Clarksburg Makes $416K Available to Address Lead Water Lines
(AP) — The Clarksburg Water Board in West Virginia has made $416,000 available in its budget to address lead found in some customers’ household drinking water.
The board won’t make capital purchases this year and postponed buying items including lab equipment and three trucks, The Exponent Telegram reported.
“These items are needed. Otherwise, they wouldn’t be in the budget,” Jason Myers, the board’s general manager, said at a meeting on Tuesday. “However, with public health in mind ... we’re willing to forgo this.”
The West Virginia Department of Health and Human Resources said funds are available to help with the problem but asked the board to outline how much of its own money could be used, according to Myers.
On top of available aid from the health department and the Environmental Protection Agency, the board plans to request funding from the West Virginia Infrastructure and Jobs Development Council. The region’s planning and development council is also helping to find funding sources.
“The tough spot is, it’s an unliquidated liability. We don’t know what the bottom line is,” water board attorney Tim Stranko said. “We know we need some help — we just don’t know how much. So that’s the other part of the conversation.”
Of the 120 water samples collected for lead testing that were returned as of Tuesday afternoon, only one was above an allowable limit set by the EPA.
The lead issue was discovered when drinking water samples were collected from the homes of three children diagnosed with elevated blood lead levels. The toxic metal can be particularly harmful to children. Multiple sources of exposure were identified, so the water couldn’t have been the sole cause of the higher levels.
Earlier this month, the state health department said the water board failed to notify the public about the risk of exposure in drinking water.

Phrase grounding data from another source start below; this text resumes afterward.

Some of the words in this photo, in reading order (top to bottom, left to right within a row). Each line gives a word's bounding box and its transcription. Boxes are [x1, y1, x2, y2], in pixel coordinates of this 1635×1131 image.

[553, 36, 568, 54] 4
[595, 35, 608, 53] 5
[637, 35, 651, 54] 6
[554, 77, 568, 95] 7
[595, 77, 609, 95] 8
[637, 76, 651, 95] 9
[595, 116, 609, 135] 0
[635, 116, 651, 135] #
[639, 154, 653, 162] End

Myers said the lead wasn’t found at the water treatment center or in the main line of the system. It’s in older service lines that connect a main line to a customer’s meter, or in lines that run from a meter to a home.
Between 9.7 million and 12.8 million lead pipes in the U.S. — including about 20,000 in West Virginia — run water to people’s homes, according to the Natural Resources Defense Council. Lead service lines were phased out in the 1950s and formally banned in 1988.